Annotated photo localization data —
========================================================================

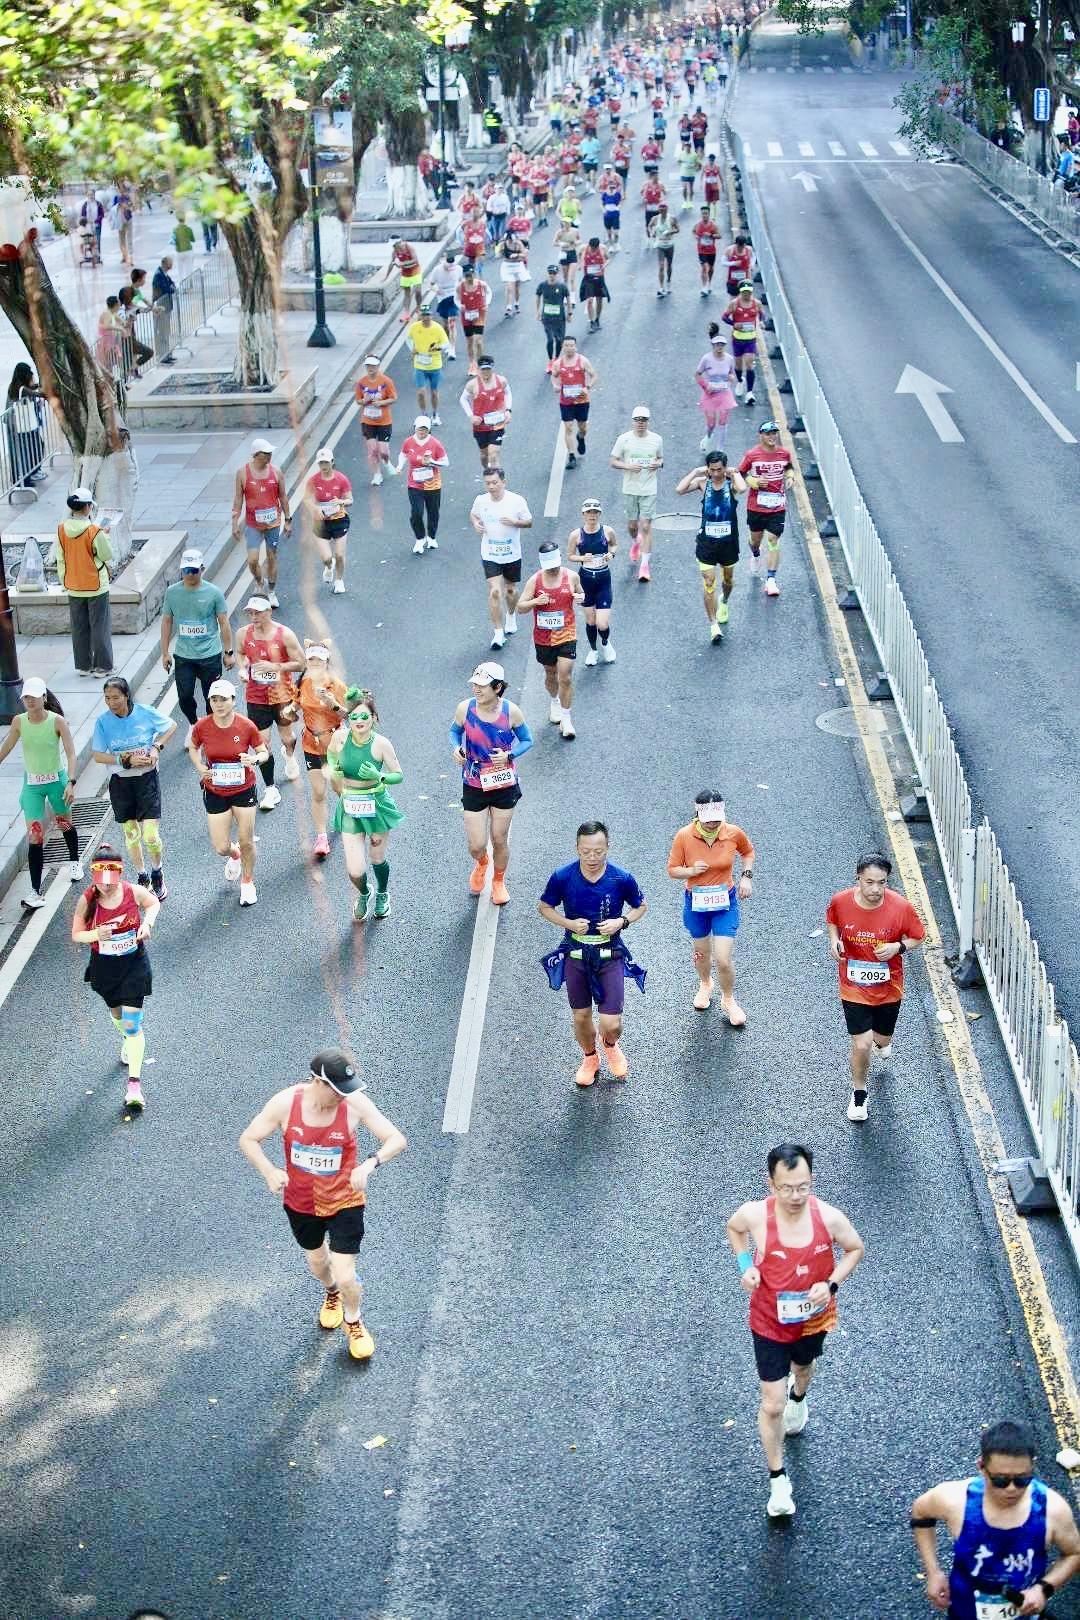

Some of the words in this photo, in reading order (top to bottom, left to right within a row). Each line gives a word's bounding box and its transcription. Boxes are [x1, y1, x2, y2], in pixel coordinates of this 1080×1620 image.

[492, 771, 511, 783] 3629
[703, 894, 726, 904] 9135
[860, 971, 886, 980] 2092
[309, 1156, 334, 1168] 1511
[970, 1544, 1035, 1577] 广州
[999, 1607, 1017, 1619] 10
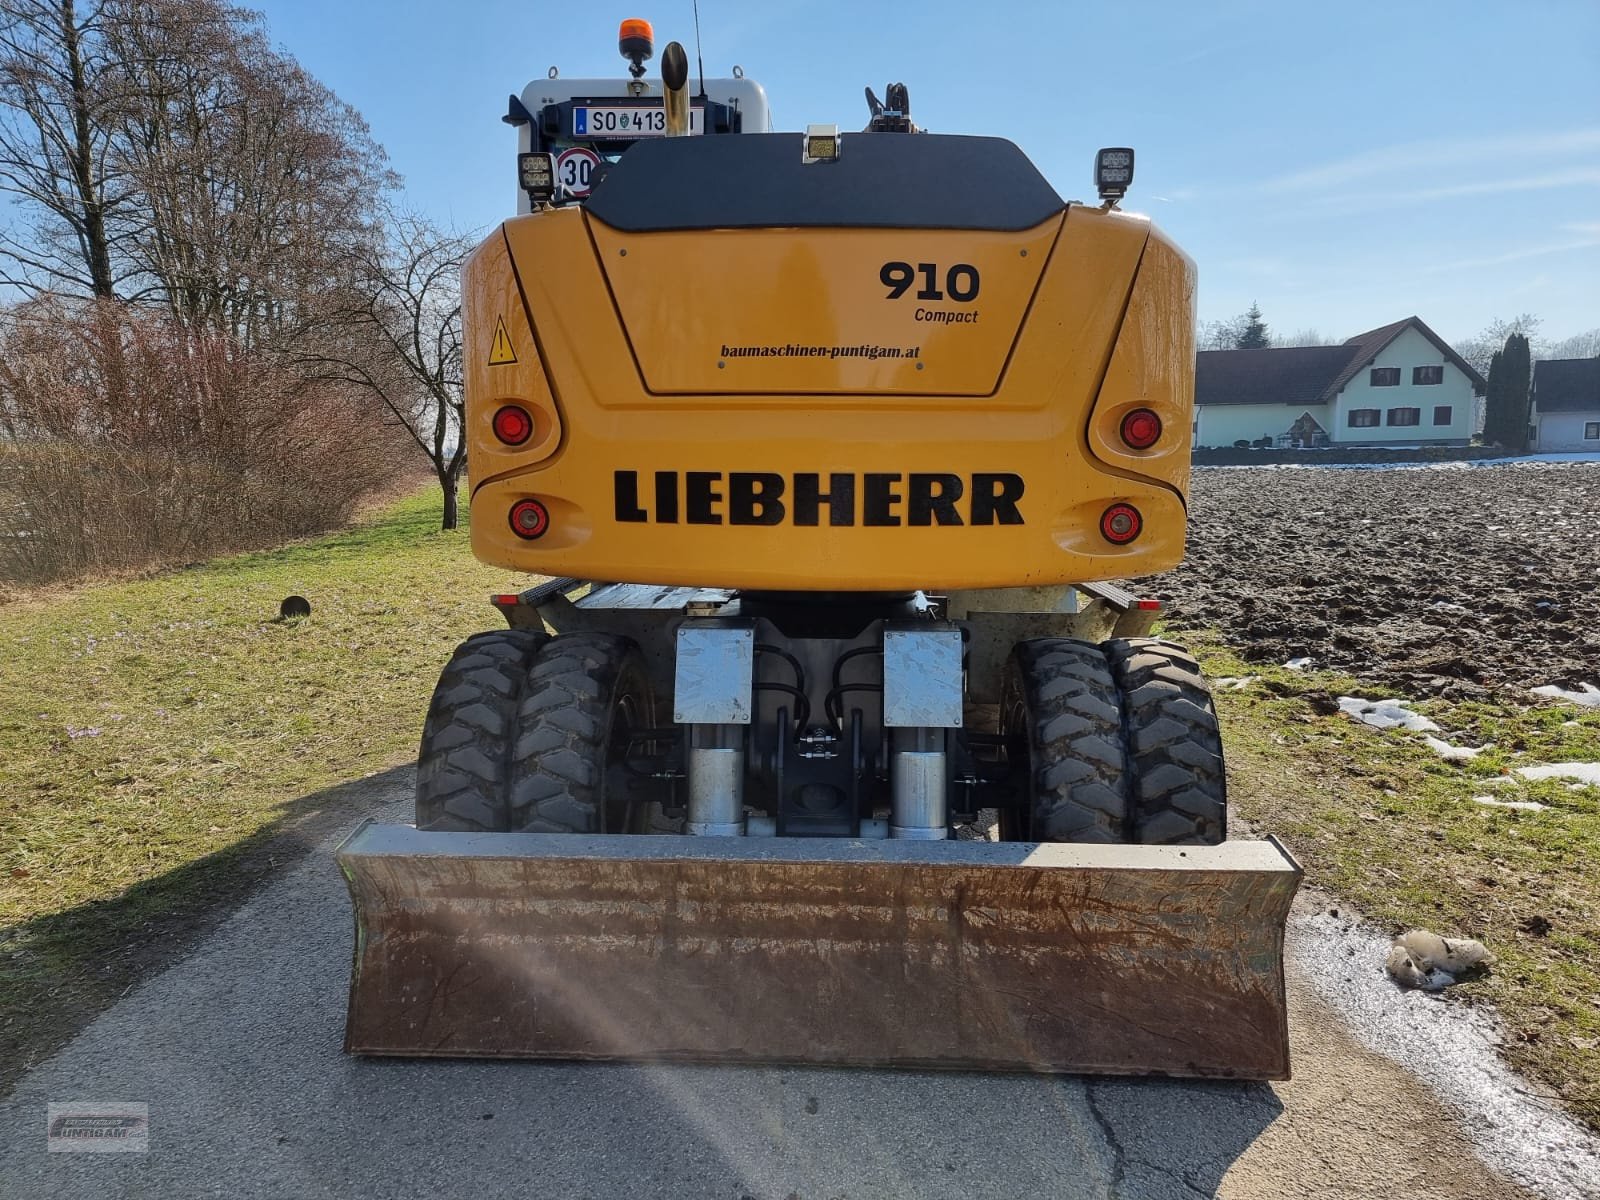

========================================================================

Without including any pictures, please restate all the records exactly.

Some of the words in this photo, in reading order (top to bottom, left to right within a row). Each line gives a word's bounding box and its transcription. Boxes are [x1, y1, x2, y2], in pixel coordinates of this 1080×1620 image.

[492, 771, 511, 783] 3629
[703, 894, 726, 904] 9135
[860, 971, 886, 980] 2092
[309, 1156, 334, 1168] 1511
[970, 1544, 1035, 1577] 广州
[999, 1607, 1017, 1619] 10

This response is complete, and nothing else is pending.